15 Settembre 2026 ☀ 24°

Beatrice, la gallina felice: la lotta per salvare il centro estivo di Sgonico

Una battaglia legale per salvare il centro estivo Beatrice, la gallina felice a Sgonico. Gli avvocati cercano un accordo con il Comune per riaprire e completare le attività programmate

Beatrice, la gallina felice: la lotta per salvare il centro estivo di Sgonico

Il centro estivo Beatrice, la gallina Felice a Sgonico è al centro di una battaglia legale che potrebbe decidere il suo futuro. Gli avvocati Emanuele Sergo e Ida Castaldo, rappresentanti della titolare Giulia Battellini, stanno cercando un accordo con il Comune per permettere la riapertura della struttura fino alla fine di ottobre.

L’obiettivo è quello di completare il ciclo di iniziative programmate, lasciando poi spazio, durante l’inverno, per sistemare le irregolarità burocratiche sollevate dal Comune. Una soluzione che potrebbe salvare le prenotazioni di decine di famiglie e garantire il lavoro a dipendenti e collaboratori.

Il sopralluogo e la documentazione

Lunedì 14 settembre, gli avvocati, insieme al consulente tecnico, hanno effettuato un sopralluogo nella struttura. Con l’ordinanza del Comune alla mano, hanno esaminato la documentazione e confrontato le loro osservazioni con la cliente. Secondo i legali, la documentazione e quanto emerso durante il sopralluogo rendono possibile la sospensione del provvedimento di chiusura fino alla data di chiusura autunnale dell’attività, fissata per il primo novembre.

L’ordinanza del Comune, adottata il 3 settembre, impone la sospensione immediata dei lavori in corso e dell’attività. Questa decisione segue un sopralluogo effettuato il 18 giugno scorso. Gli avvocati Sergo e Castaldo sottolineano che l’adozione del provvedimento di sospensione, avvenuta a oltre due mesi dal sopralluogo, dimostra l’assenza di elementi di urgenza, emergenza o pericolo.

La richiesta per salvare le prenotazioni

La ripresa dell’attività, oltre a garantire la prosecuzione del lavoro a dipendenti, collaboratori e fornitori, consentirebbe di non annullare ulteriori prenotazioni, evitando così disagio a decine di famiglie. I bambini, infatti, avevano già programmato di trascorrere del tempo in serenità con i loro amichetti, a contatto con la natura e gli animali.

Durante i mesi di chiusura autunnale e invernale, la proprietà potrà adottare qualsiasi misura necessaria per superare le criticità segnalate.

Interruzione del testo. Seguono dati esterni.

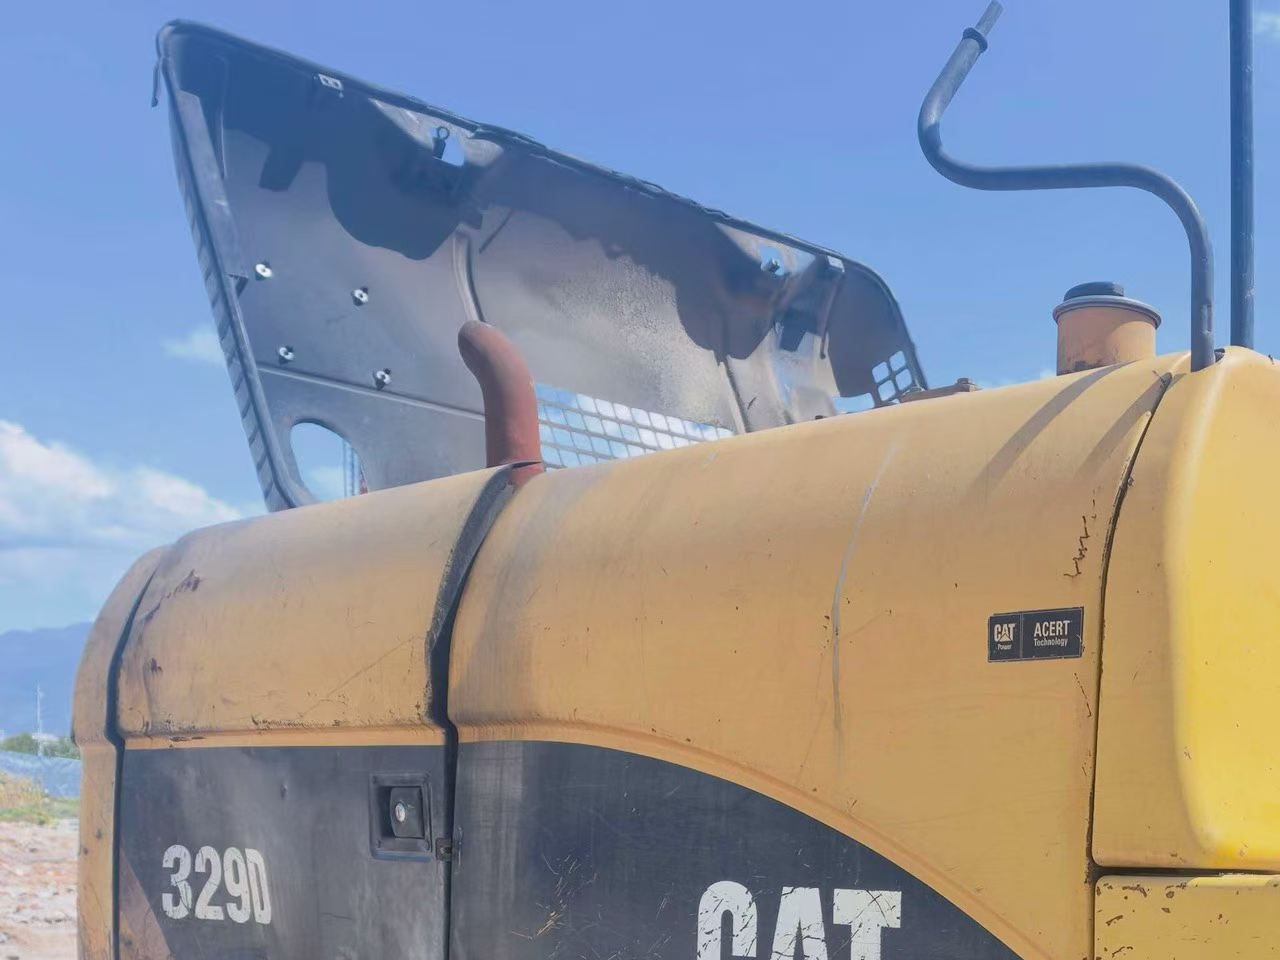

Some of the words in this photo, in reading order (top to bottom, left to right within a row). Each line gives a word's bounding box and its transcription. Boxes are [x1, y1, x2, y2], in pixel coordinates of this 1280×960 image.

[994, 623, 1016, 642] CAT
[1033, 620, 1071, 637] ACERT
[1033, 637, 1069, 647] Technology
[162, 844, 272, 925] 329D
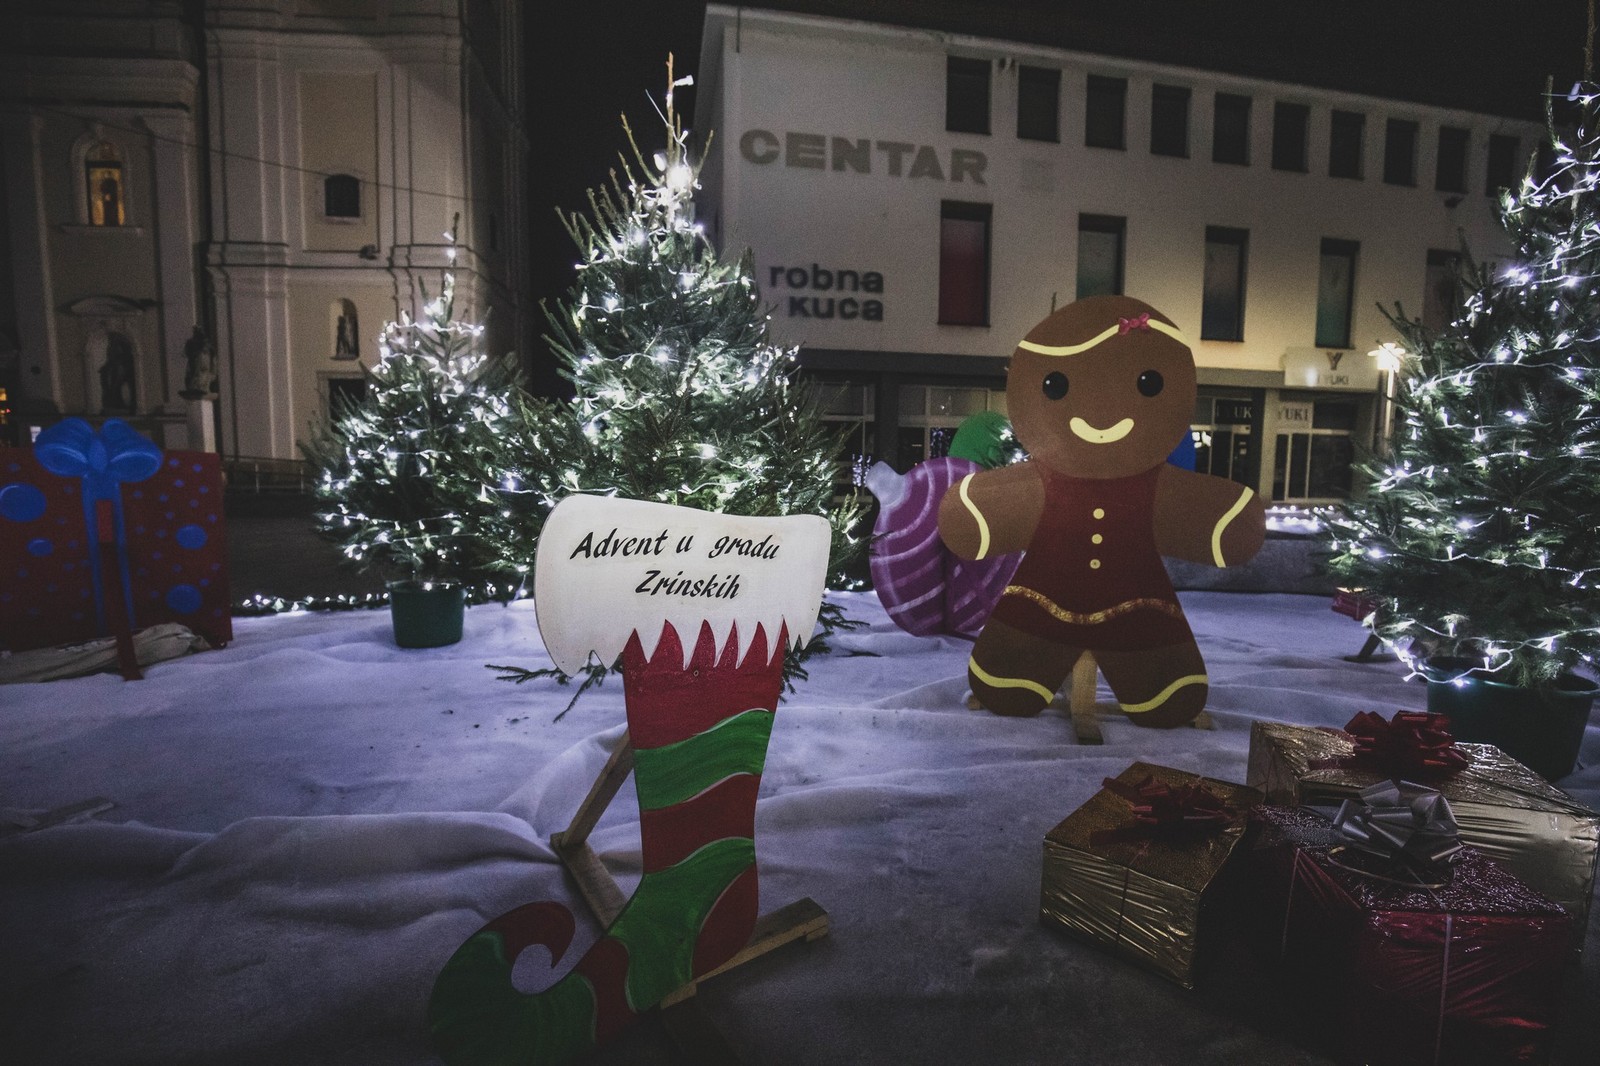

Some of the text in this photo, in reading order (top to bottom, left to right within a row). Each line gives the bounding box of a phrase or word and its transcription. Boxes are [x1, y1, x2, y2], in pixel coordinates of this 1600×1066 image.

In queste ore, i legali di Battellini invieranno al Comune la richiesta di un incontro per discutere una soluzione.

Il parere del Comune

Secondo il Comune di Sgonico, i manufatti e le installazioni temporanee presenti nella struttura non sono conformi alle normative. Non sono state trasmesse tutte le schede che attestino la loro conformità. Inoltre, la maggioranza dei manufatti non rivestono carattere temporaneo e per questi non è stata richiesta alcuna autorizzazione paesaggistica.

C’è anche una questione che riguarda il piano regolatore. Alcuni manufatti ricadono nella zona produttiva agricola a preminente interesse agricolo dove sono ammessi esclusivamente interventi realizzati da imprenditori agricoli a titolo principale. Un profilo che non aderisce con l’azienda che guida Beatrice, la gallina felice.

Le conseguenze della chiusura

L’interruzione dell’attività ha lasciato in panne una quarantina di famiglie, costrette a rinunciare al servizio di centro estivo già programmato e pagato. Inoltre, ci sono oltre cento animali da mantenere, tra cavalli, asini, polli, conigli, un maiale, cani, tartarughe e ovini.

Per supportare le spese legali e mantenere gli animali, Simona Pilotti, amica di Battellini, ha avviato una raccolta di fondi sulla piattaforma Gofundme. Una corsa contro il tempo per salvare il centro estivo e le sue attività.